Every entry in the following listing must be restated word for word, though not its pictures.

******

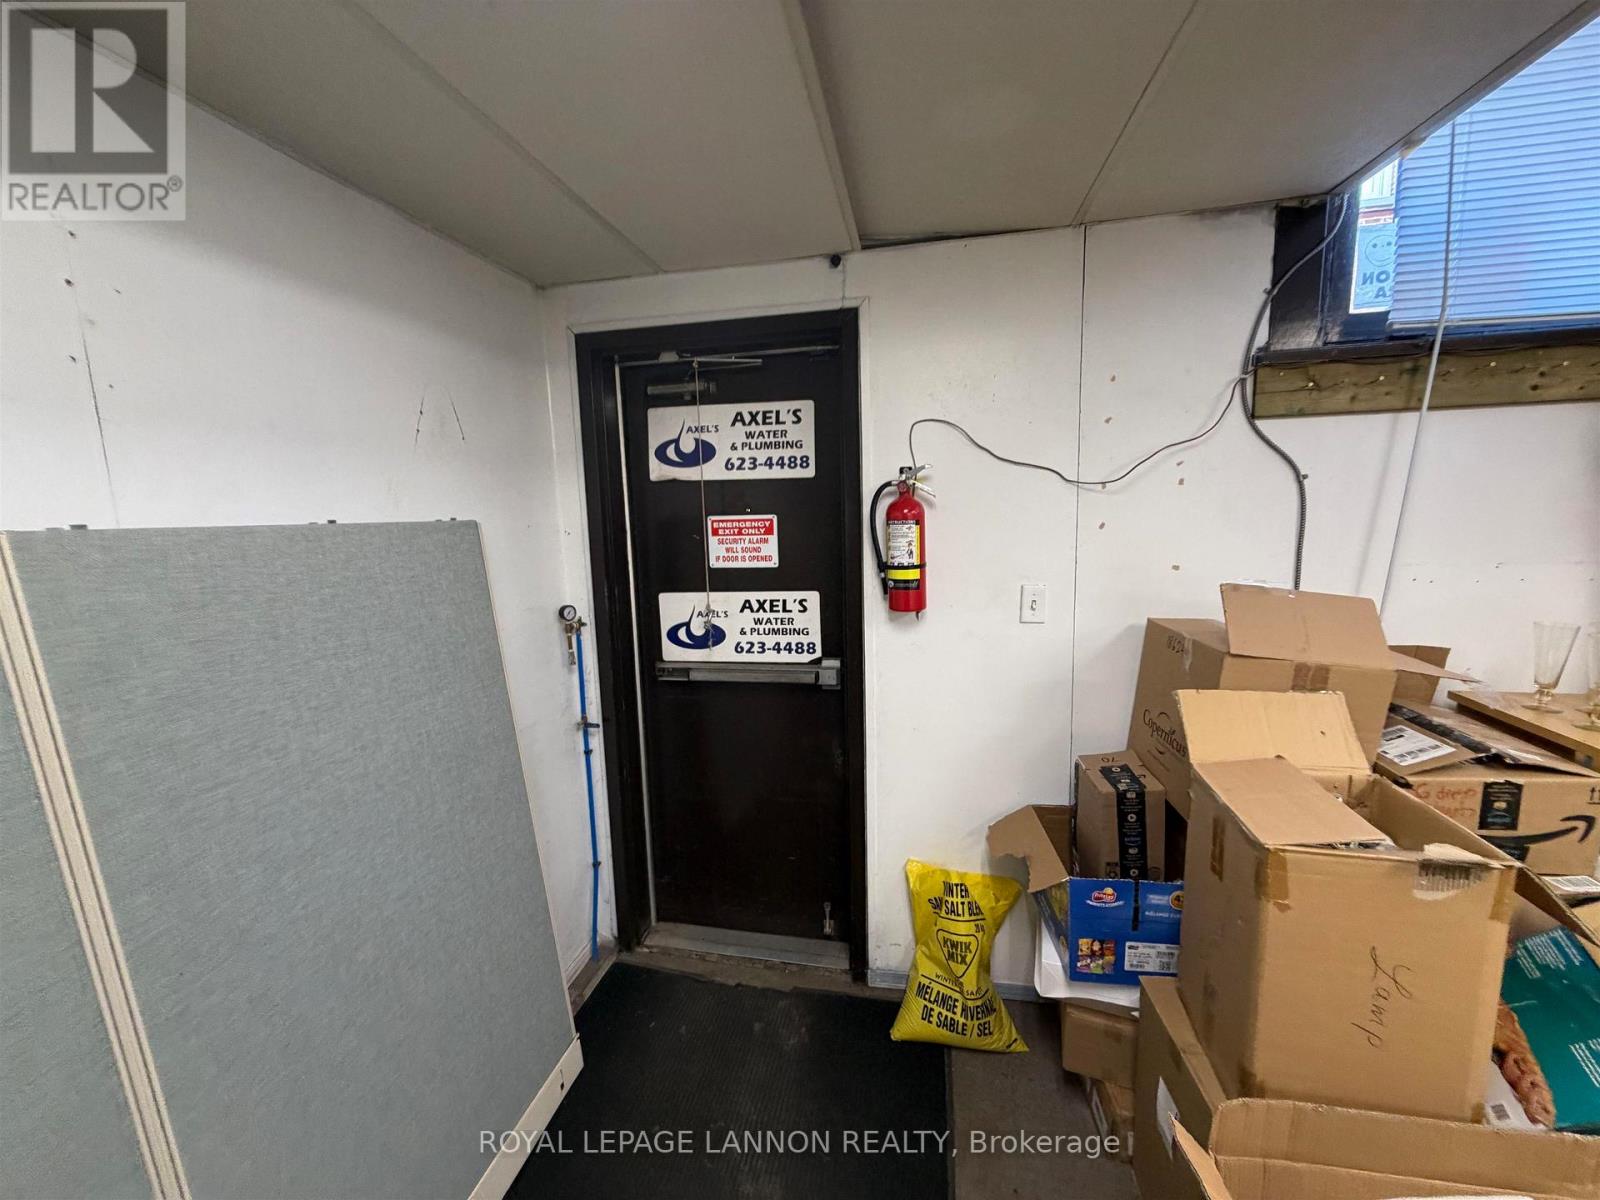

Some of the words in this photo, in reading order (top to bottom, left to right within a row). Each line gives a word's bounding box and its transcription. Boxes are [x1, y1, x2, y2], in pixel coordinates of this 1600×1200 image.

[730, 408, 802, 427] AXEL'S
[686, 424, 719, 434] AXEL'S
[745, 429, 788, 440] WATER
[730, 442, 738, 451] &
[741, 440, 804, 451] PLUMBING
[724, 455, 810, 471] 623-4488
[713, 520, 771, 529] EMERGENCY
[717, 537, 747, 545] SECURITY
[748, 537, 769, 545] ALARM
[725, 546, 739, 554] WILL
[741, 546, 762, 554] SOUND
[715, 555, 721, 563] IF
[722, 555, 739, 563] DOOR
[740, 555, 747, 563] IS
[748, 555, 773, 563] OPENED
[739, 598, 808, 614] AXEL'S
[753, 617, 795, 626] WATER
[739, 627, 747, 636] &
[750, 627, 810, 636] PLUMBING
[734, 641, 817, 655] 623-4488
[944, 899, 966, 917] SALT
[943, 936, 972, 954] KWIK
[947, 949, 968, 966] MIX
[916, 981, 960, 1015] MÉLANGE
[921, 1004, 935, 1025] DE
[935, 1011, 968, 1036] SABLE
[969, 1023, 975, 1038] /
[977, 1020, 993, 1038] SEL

******

### REPLY
Some of the words in this photo, in reading order (top to bottom, left to right within a row). Each line gives a word's bounding box and its transcription. Boxes are [x1, y1, x2, y2], in pixel coordinates of this 1600×1200 image.

[730, 408, 802, 427] AXEL'S
[686, 424, 719, 434] AXEL'S
[745, 429, 788, 440] WATER
[730, 442, 738, 451] &
[741, 440, 804, 451] PLUMBING
[724, 455, 810, 471] 623-4488
[713, 520, 771, 529] EMERGENCY
[717, 537, 747, 545] SECURITY
[748, 537, 769, 545] ALARM
[725, 546, 739, 554] WILL
[741, 546, 762, 554] SOUND
[715, 555, 721, 563] IF
[722, 555, 739, 563] DOOR
[740, 555, 747, 563] IS
[748, 555, 773, 563] OPENED
[739, 598, 808, 614] AXEL'S
[753, 617, 795, 626] WATER
[739, 627, 747, 636] &
[750, 627, 810, 636] PLUMBING
[734, 641, 817, 655] 623-4488
[944, 899, 966, 917] SALT
[943, 936, 972, 954] KWIK
[947, 949, 968, 966] MIX
[916, 981, 960, 1015] MÉLANGE
[921, 1004, 935, 1025] DE
[935, 1011, 968, 1036] SABLE
[969, 1023, 975, 1038] /
[977, 1020, 993, 1038] SEL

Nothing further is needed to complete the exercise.